> **THE PROBLEM**
In the entries below, the line with "this 1440×1920 image." marks the start. Return it and every following line exactly, ending with the last.

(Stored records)
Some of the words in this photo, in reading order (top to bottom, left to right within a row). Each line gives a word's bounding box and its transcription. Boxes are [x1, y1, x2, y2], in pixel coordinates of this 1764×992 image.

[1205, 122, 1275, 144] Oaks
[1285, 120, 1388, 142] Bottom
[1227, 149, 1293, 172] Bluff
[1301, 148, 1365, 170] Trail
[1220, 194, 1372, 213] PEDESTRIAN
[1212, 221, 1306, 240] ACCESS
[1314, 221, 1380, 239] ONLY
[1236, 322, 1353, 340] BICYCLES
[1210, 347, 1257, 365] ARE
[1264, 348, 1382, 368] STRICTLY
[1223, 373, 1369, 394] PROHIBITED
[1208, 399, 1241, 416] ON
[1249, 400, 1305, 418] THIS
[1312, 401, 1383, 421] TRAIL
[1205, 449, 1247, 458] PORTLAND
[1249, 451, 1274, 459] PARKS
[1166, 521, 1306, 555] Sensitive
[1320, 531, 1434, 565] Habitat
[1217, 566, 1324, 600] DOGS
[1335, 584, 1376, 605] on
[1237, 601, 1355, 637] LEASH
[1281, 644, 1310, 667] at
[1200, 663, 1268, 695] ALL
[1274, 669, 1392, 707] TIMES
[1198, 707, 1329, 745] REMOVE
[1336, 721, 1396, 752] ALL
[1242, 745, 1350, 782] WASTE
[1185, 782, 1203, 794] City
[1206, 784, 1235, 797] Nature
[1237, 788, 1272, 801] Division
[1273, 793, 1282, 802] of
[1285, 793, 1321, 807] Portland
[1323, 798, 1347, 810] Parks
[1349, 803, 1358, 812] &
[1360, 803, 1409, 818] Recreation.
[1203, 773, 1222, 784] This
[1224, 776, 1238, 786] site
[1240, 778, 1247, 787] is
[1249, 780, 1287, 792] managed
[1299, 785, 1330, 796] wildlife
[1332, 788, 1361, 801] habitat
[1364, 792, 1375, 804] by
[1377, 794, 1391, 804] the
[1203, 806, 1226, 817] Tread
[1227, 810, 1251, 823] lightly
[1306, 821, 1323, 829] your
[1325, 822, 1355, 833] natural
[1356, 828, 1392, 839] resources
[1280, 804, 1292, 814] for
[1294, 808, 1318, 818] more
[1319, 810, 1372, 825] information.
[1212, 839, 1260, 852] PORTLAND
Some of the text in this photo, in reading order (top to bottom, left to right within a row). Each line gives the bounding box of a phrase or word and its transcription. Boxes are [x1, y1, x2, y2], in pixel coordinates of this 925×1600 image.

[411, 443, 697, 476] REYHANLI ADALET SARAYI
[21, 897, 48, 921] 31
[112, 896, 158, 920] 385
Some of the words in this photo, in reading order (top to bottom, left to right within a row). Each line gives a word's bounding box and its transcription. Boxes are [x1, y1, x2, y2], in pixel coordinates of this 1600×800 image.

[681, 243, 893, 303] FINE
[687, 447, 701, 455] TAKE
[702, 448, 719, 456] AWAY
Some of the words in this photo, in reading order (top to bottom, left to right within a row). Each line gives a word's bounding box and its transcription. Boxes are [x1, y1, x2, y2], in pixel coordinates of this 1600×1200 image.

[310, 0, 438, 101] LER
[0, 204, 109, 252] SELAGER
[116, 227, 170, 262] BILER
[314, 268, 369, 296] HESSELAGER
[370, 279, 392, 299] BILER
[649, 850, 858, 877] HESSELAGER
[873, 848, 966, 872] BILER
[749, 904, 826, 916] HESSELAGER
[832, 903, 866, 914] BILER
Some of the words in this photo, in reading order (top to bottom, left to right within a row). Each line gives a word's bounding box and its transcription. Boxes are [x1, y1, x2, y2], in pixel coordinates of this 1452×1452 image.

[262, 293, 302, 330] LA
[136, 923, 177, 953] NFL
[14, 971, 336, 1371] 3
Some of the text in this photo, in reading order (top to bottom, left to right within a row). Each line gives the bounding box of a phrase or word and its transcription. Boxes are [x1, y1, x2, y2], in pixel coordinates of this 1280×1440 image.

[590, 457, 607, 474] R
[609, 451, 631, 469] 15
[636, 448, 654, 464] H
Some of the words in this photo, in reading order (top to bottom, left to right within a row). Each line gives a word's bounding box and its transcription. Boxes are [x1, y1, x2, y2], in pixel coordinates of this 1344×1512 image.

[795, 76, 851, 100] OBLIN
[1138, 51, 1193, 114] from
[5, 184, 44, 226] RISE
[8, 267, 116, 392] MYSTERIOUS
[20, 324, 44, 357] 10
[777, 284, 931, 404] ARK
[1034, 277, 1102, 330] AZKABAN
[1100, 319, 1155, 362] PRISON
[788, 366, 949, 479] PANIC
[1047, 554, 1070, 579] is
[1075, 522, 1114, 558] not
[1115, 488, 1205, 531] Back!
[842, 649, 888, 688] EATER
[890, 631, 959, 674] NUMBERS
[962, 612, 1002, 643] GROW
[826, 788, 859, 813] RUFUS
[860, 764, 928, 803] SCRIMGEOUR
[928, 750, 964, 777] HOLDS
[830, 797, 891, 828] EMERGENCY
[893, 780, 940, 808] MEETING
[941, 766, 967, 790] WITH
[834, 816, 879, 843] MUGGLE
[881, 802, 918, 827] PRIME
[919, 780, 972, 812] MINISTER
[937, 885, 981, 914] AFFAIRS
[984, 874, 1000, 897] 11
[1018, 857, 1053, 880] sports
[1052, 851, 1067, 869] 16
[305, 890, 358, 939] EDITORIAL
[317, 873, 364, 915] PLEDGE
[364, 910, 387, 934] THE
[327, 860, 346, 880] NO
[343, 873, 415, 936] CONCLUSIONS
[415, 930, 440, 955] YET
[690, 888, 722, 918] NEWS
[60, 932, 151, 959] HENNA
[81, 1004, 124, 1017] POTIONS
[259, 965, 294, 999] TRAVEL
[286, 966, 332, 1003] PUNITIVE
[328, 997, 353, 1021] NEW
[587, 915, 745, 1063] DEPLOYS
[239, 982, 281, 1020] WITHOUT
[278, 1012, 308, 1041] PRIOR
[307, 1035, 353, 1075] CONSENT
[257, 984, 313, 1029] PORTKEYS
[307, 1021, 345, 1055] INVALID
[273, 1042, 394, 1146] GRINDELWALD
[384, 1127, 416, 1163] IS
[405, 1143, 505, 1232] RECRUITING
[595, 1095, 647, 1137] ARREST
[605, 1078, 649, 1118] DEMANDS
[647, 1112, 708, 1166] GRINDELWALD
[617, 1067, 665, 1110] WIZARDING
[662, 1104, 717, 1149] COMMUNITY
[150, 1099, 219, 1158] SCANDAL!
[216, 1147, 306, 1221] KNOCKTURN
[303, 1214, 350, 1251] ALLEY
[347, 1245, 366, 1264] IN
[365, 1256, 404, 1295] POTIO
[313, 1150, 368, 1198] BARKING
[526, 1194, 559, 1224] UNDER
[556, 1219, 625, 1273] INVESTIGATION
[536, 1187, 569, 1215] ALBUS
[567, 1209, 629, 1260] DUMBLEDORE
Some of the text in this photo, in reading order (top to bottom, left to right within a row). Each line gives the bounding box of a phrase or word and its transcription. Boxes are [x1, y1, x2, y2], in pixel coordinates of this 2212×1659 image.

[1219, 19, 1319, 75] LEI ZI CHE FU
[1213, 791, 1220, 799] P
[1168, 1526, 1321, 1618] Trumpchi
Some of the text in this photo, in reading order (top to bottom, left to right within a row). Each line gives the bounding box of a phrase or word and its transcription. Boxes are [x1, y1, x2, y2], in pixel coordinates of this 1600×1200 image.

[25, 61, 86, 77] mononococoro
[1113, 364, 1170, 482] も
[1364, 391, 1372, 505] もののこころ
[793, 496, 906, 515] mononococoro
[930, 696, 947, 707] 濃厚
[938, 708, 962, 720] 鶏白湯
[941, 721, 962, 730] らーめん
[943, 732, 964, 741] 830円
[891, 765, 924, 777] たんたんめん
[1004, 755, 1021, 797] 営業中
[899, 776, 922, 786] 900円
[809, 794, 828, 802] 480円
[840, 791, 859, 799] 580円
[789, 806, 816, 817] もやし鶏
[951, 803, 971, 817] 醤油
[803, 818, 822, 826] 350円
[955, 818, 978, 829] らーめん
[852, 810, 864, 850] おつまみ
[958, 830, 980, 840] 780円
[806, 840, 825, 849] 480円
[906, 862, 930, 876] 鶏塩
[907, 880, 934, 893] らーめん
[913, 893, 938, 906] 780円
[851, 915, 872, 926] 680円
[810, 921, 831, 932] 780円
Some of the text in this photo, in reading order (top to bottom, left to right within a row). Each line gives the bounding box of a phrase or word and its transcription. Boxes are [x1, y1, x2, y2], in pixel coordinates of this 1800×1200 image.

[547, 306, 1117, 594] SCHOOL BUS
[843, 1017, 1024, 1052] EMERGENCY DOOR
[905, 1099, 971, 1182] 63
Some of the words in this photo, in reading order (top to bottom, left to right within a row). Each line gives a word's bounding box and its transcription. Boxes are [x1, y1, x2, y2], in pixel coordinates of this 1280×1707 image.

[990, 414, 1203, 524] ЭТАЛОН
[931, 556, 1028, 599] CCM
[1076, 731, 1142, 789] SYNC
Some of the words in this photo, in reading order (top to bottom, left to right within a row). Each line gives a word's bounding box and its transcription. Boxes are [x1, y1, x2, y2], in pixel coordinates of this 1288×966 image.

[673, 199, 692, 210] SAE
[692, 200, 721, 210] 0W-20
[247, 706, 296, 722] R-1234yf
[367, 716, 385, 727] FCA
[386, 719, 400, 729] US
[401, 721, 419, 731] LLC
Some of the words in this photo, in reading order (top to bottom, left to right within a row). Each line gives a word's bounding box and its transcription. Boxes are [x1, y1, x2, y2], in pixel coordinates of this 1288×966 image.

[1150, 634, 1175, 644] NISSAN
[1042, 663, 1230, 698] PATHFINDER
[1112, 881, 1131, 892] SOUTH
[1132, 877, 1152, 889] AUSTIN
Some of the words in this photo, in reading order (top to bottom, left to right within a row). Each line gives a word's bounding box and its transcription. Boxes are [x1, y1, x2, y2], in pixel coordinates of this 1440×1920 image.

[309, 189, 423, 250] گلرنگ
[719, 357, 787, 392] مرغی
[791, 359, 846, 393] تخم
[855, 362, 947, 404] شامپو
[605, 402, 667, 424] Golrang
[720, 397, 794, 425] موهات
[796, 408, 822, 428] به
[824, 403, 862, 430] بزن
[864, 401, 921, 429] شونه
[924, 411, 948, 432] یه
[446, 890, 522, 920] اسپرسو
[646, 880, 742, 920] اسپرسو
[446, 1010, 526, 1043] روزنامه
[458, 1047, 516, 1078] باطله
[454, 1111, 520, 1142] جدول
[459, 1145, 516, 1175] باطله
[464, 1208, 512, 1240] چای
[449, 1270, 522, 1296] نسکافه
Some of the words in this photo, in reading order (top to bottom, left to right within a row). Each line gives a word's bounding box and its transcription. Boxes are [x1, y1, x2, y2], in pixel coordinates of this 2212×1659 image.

> **EXERCISE ANSWER**
Some of the words in this photo, in reading order (top to bottom, left to right within a row). Each line gives a word's bounding box and its transcription. Boxes are [x1, y1, x2, y2], in pixel coordinates of this 1440×1920 image.

[309, 189, 423, 250] گلرنگ
[719, 357, 787, 392] مرغی
[791, 359, 846, 393] تخم
[855, 362, 947, 404] شامپو
[605, 402, 667, 424] Golrang
[720, 397, 794, 425] موهات
[796, 408, 822, 428] به
[824, 403, 862, 430] بزن
[864, 401, 921, 429] شونه
[924, 411, 948, 432] یه
[446, 890, 522, 920] اسپرسو
[646, 880, 742, 920] اسپرسو
[446, 1010, 526, 1043] روزنامه
[458, 1047, 516, 1078] باطله
[454, 1111, 520, 1142] جدول
[459, 1145, 516, 1175] باطله
[464, 1208, 512, 1240] چای
[449, 1270, 522, 1296] نسکافه
Some of the words in this photo, in reading order (top to bottom, left to right within a row). Each line gives a word's bounding box and its transcription. Boxes are [x1, y1, x2, y2], in pixel coordinates of this 2212×1659 image.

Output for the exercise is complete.